Force field parameters of biological molecules

What is needed to run simulations?

In the MD simulation, potential energy of the system is calculated by

\[ \begin{aligned} U &= \sum_{\textrm{bonds}} k_b (r - r_0)^2 + \sum_{\textrm{angles}}k_a(\theta - \theta_0)^2 \\ &+ \sum_{\textrm{dihedrals}}\frac{V_n}{2}\left[ 1 + \cos(n\phi - \delta) \right] \\ &+ \sum_{i > j} 4\varepsilon \left[ \left(\frac{\sigma_{ij}}{r_{ij}}\right)^{12} - \left(\frac{\sigma_{ij}}{r_{ij}}\right)^{6} \right] + \sum_{i>j} \frac{q_i q_j}{r_{ij}} \end{aligned} \]

This equation is commonly referred to as the force field. It includes many empirical parameters, such as force constants (e.g. \(k_b\) and \(k_a,\) for bonds and angles), equilibrium bond lengths (\(r_0\)), the depth of the dihedral potential (\(V_n\)), atomic charges (\(q\)), and more. These physical parameters are not stored in PDB files, nor are they typically bundled with most MD simulation programs. Therefore, to perform molecular dynamics simulations, the appropriate force field parameters must be prepared and provided as input.
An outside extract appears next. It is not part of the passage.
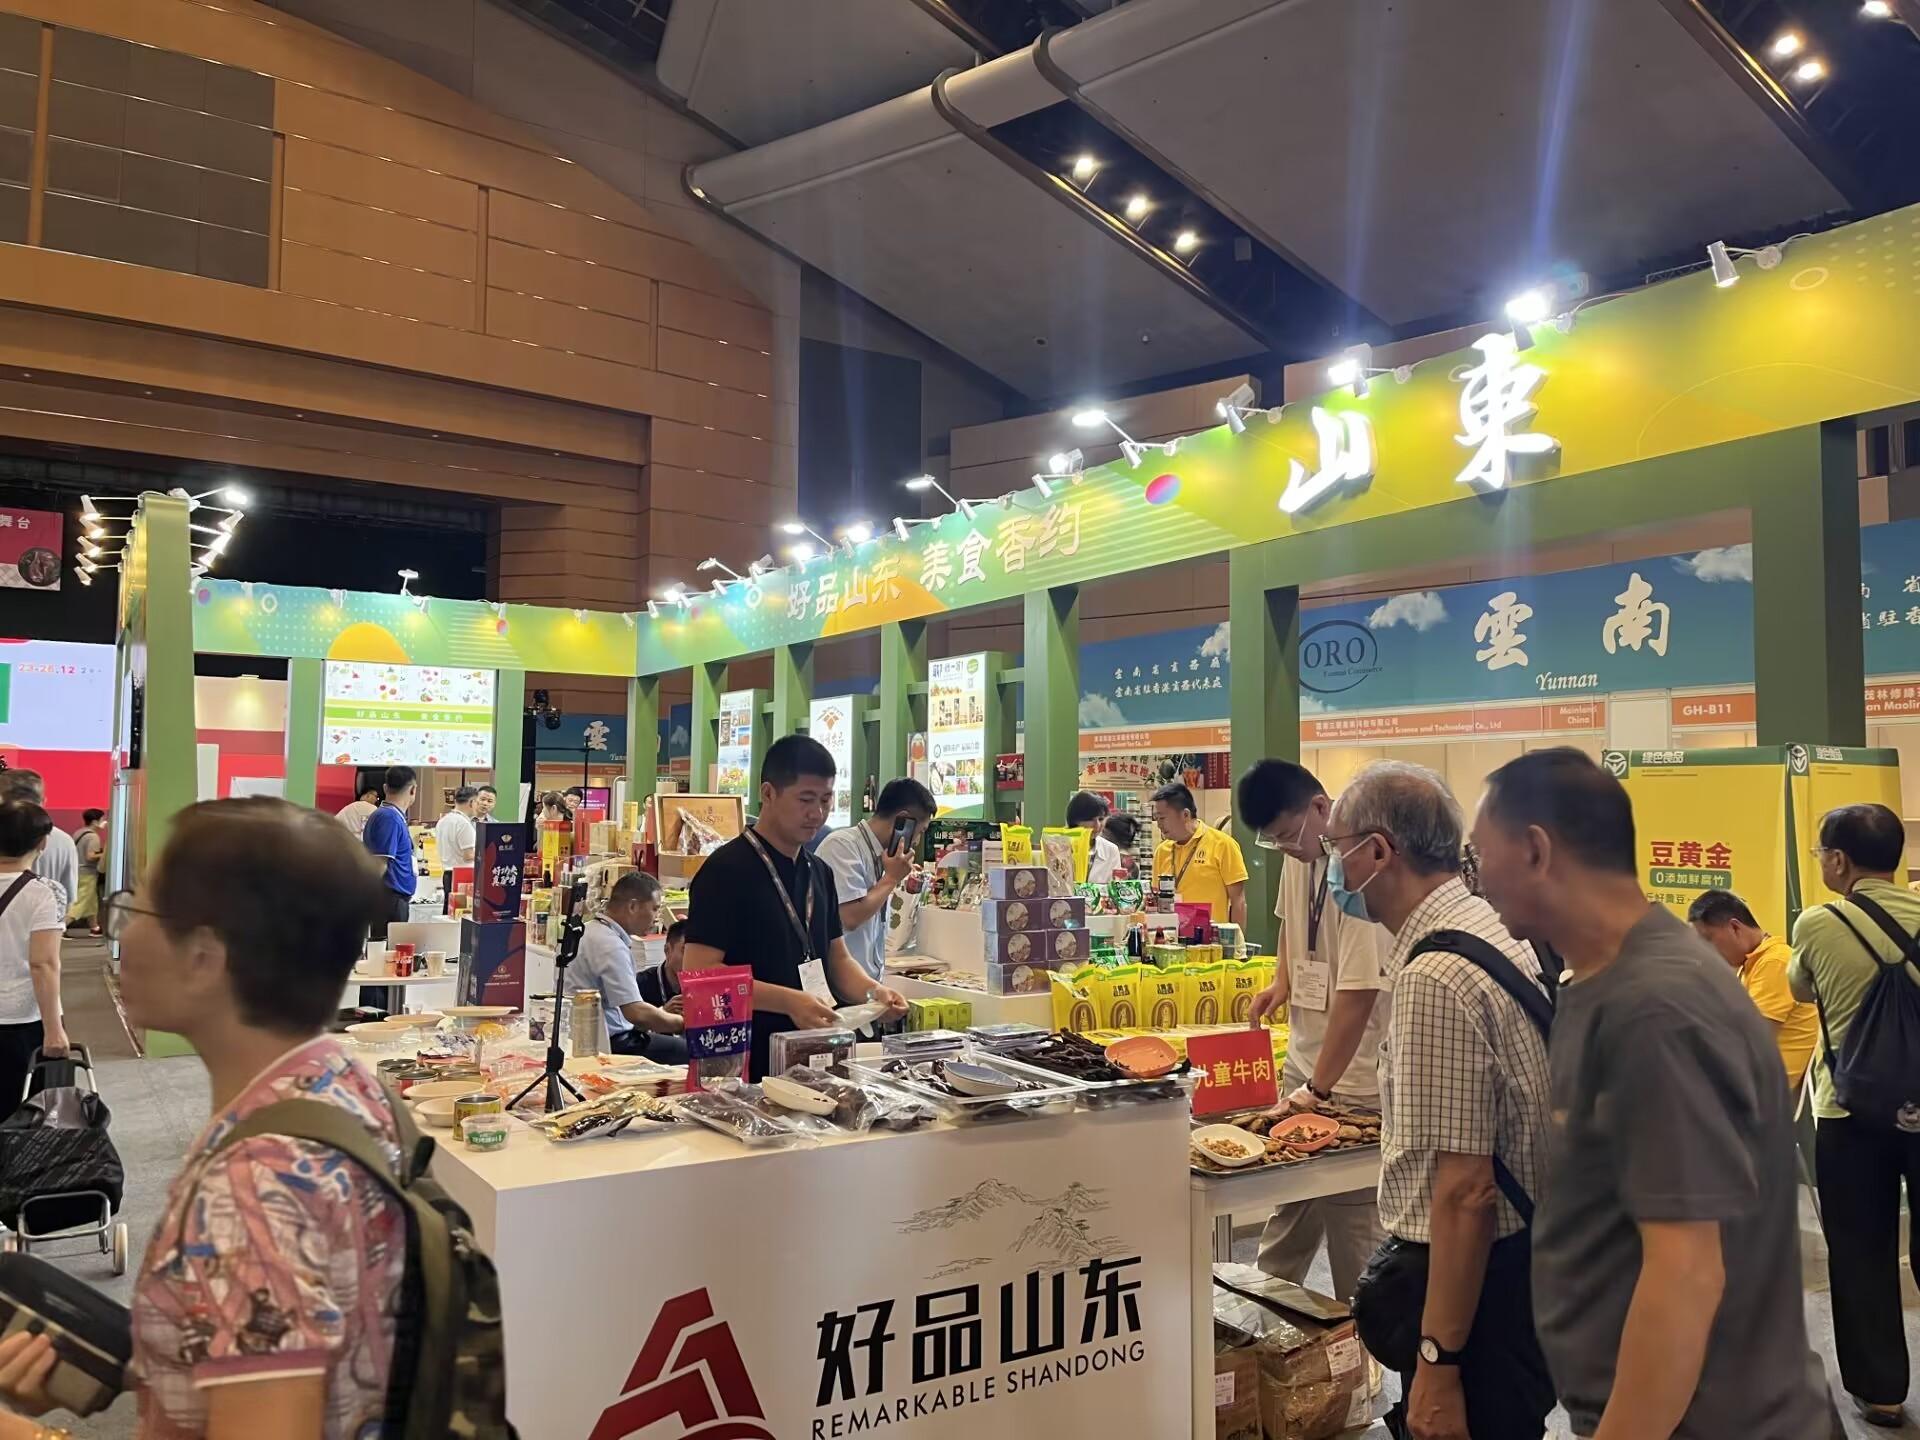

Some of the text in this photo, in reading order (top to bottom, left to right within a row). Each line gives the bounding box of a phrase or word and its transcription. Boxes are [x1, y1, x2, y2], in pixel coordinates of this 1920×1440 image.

In addition, we need the topology of the target molecular system, which describes how atoms are connected—i.e., which atoms are bonded covalently. This information is essential for evaluating each term in the force field equation. However, due to the complexity of molecular structures, most MD programs cannot automatically infer topology from PDB coordinates alone. As a result, the topology file must also be prepared before starting the simulation.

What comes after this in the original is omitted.